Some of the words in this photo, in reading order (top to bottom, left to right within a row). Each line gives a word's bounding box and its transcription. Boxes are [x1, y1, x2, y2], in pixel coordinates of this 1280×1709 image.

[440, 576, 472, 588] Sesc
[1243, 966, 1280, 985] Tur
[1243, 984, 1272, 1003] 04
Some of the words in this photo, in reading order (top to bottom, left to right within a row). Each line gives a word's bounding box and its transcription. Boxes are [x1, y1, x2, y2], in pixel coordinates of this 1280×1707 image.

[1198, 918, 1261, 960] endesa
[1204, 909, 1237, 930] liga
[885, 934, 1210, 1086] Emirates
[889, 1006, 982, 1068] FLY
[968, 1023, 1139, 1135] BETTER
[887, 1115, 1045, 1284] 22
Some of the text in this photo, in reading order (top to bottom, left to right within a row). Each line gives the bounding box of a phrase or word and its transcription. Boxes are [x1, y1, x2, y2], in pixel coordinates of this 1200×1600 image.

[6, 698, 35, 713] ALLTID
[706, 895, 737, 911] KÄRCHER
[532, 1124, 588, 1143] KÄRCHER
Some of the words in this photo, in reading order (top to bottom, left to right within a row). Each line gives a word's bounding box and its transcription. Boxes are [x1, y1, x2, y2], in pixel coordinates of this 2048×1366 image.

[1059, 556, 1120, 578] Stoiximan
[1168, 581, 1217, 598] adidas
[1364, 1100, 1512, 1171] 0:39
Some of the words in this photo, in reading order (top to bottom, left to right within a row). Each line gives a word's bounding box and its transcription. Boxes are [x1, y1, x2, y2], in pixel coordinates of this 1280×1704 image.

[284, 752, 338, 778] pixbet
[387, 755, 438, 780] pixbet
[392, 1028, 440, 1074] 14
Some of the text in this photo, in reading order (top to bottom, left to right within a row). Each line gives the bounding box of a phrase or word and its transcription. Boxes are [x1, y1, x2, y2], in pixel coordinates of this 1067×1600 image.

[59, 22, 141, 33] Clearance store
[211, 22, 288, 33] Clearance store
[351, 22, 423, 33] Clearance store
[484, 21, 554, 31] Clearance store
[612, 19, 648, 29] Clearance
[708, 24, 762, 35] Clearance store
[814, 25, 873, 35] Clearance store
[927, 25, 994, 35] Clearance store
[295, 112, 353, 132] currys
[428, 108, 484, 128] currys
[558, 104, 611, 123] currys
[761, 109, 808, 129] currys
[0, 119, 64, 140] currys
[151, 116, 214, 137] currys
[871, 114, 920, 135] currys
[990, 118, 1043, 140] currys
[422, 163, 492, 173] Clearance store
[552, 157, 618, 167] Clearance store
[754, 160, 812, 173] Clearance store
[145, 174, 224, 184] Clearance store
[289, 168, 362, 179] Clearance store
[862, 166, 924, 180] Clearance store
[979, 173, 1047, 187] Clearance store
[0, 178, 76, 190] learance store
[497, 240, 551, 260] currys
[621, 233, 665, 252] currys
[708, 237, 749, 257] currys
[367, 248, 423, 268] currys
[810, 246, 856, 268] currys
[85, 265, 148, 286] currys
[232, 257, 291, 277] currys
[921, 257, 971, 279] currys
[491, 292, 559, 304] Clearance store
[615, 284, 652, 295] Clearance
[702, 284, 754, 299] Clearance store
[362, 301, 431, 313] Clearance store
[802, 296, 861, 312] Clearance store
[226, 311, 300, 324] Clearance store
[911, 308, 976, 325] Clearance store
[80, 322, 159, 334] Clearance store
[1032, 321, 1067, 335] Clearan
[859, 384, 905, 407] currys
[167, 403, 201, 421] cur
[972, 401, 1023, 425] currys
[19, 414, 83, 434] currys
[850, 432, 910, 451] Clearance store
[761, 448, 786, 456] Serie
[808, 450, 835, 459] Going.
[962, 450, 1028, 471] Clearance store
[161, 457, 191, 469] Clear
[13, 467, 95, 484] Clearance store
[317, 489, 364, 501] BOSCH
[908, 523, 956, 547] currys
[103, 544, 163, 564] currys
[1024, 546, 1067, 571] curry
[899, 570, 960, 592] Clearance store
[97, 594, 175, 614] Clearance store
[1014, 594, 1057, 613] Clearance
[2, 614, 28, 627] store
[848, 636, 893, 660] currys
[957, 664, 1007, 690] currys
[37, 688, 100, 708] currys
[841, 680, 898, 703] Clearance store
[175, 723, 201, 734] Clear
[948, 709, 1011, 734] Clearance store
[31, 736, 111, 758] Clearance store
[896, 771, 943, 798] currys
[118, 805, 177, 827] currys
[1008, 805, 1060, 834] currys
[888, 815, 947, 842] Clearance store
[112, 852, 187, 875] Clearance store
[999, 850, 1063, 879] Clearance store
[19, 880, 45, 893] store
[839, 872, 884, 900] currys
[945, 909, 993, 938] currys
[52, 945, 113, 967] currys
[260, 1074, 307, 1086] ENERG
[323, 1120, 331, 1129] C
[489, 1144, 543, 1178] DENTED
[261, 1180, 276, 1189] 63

Directions:
Each record shown above must be printed once more, exactly.

Task result:
Some of the words in this photo, in reading order (top to bottom, left to right within a row). Each line gives a word's bounding box and its transcription. Boxes are [x1, y1, x2, y2], in pixel coordinates of this 1280×1709 image.

[440, 576, 472, 588] Sesc
[1243, 966, 1280, 985] Tur
[1243, 984, 1272, 1003] 04
Some of the words in this photo, in reading order (top to bottom, left to right within a row). Each line gives a word's bounding box and its transcription. Boxes are [x1, y1, x2, y2], in pixel coordinates of this 1280×1707 image.

[1198, 918, 1261, 960] endesa
[1204, 909, 1237, 930] liga
[885, 934, 1210, 1086] Emirates
[889, 1006, 982, 1068] FLY
[968, 1023, 1139, 1135] BETTER
[887, 1115, 1045, 1284] 22
Some of the text in this photo, in reading order (top to bottom, left to right within a row). Each line gives the bounding box of a phrase or word and its transcription. Boxes are [x1, y1, x2, y2], in pixel coordinates of this 1200×1600 image.

[6, 698, 35, 713] ALLTID
[706, 895, 737, 911] KÄRCHER
[532, 1124, 588, 1143] KÄRCHER
Some of the words in this photo, in reading order (top to bottom, left to right within a row). Each line gives a word's bounding box and its transcription. Boxes are [x1, y1, x2, y2], in pixel coordinates of this 2048×1366 image.

[1059, 556, 1120, 578] Stoiximan
[1168, 581, 1217, 598] adidas
[1364, 1100, 1512, 1171] 0:39
Some of the words in this photo, in reading order (top to bottom, left to right within a row). Each line gives a word's bounding box and its transcription. Boxes are [x1, y1, x2, y2], in pixel coordinates of this 1280×1704 image.

[284, 752, 338, 778] pixbet
[387, 755, 438, 780] pixbet
[392, 1028, 440, 1074] 14
Some of the text in this photo, in reading order (top to bottom, left to right within a row). Each line gives the bounding box of a phrase or word and its transcription. Boxes are [x1, y1, x2, y2], in pixel coordinates of this 1067×1600 image.

[59, 22, 141, 33] Clearance store
[211, 22, 288, 33] Clearance store
[351, 22, 423, 33] Clearance store
[484, 21, 554, 31] Clearance store
[612, 19, 648, 29] Clearance
[708, 24, 762, 35] Clearance store
[814, 25, 873, 35] Clearance store
[927, 25, 994, 35] Clearance store
[295, 112, 353, 132] currys
[428, 108, 484, 128] currys
[558, 104, 611, 123] currys
[761, 109, 808, 129] currys
[0, 119, 64, 140] currys
[151, 116, 214, 137] currys
[871, 114, 920, 135] currys
[990, 118, 1043, 140] currys
[422, 163, 492, 173] Clearance store
[552, 157, 618, 167] Clearance store
[754, 160, 812, 173] Clearance store
[145, 174, 224, 184] Clearance store
[289, 168, 362, 179] Clearance store
[862, 166, 924, 180] Clearance store
[979, 173, 1047, 187] Clearance store
[0, 178, 76, 190] learance store
[497, 240, 551, 260] currys
[621, 233, 665, 252] currys
[708, 237, 749, 257] currys
[367, 248, 423, 268] currys
[810, 246, 856, 268] currys
[85, 265, 148, 286] currys
[232, 257, 291, 277] currys
[921, 257, 971, 279] currys
[491, 292, 559, 304] Clearance store
[615, 284, 652, 295] Clearance
[702, 284, 754, 299] Clearance store
[362, 301, 431, 313] Clearance store
[802, 296, 861, 312] Clearance store
[226, 311, 300, 324] Clearance store
[911, 308, 976, 325] Clearance store
[80, 322, 159, 334] Clearance store
[1032, 321, 1067, 335] Clearan
[859, 384, 905, 407] currys
[167, 403, 201, 421] cur
[972, 401, 1023, 425] currys
[19, 414, 83, 434] currys
[850, 432, 910, 451] Clearance store
[761, 448, 786, 456] Serie
[808, 450, 835, 459] Going.
[962, 450, 1028, 471] Clearance store
[161, 457, 191, 469] Clear
[13, 467, 95, 484] Clearance store
[317, 489, 364, 501] BOSCH
[908, 523, 956, 547] currys
[103, 544, 163, 564] currys
[1024, 546, 1067, 571] curry
[899, 570, 960, 592] Clearance store
[97, 594, 175, 614] Clearance store
[1014, 594, 1057, 613] Clearance
[2, 614, 28, 627] store
[848, 636, 893, 660] currys
[957, 664, 1007, 690] currys
[37, 688, 100, 708] currys
[841, 680, 898, 703] Clearance store
[175, 723, 201, 734] Clear
[948, 709, 1011, 734] Clearance store
[31, 736, 111, 758] Clearance store
[896, 771, 943, 798] currys
[118, 805, 177, 827] currys
[1008, 805, 1060, 834] currys
[888, 815, 947, 842] Clearance store
[112, 852, 187, 875] Clearance store
[999, 850, 1063, 879] Clearance store
[19, 880, 45, 893] store
[839, 872, 884, 900] currys
[945, 909, 993, 938] currys
[52, 945, 113, 967] currys
[260, 1074, 307, 1086] ENERG
[323, 1120, 331, 1129] C
[489, 1144, 543, 1178] DENTED
[261, 1180, 276, 1189] 63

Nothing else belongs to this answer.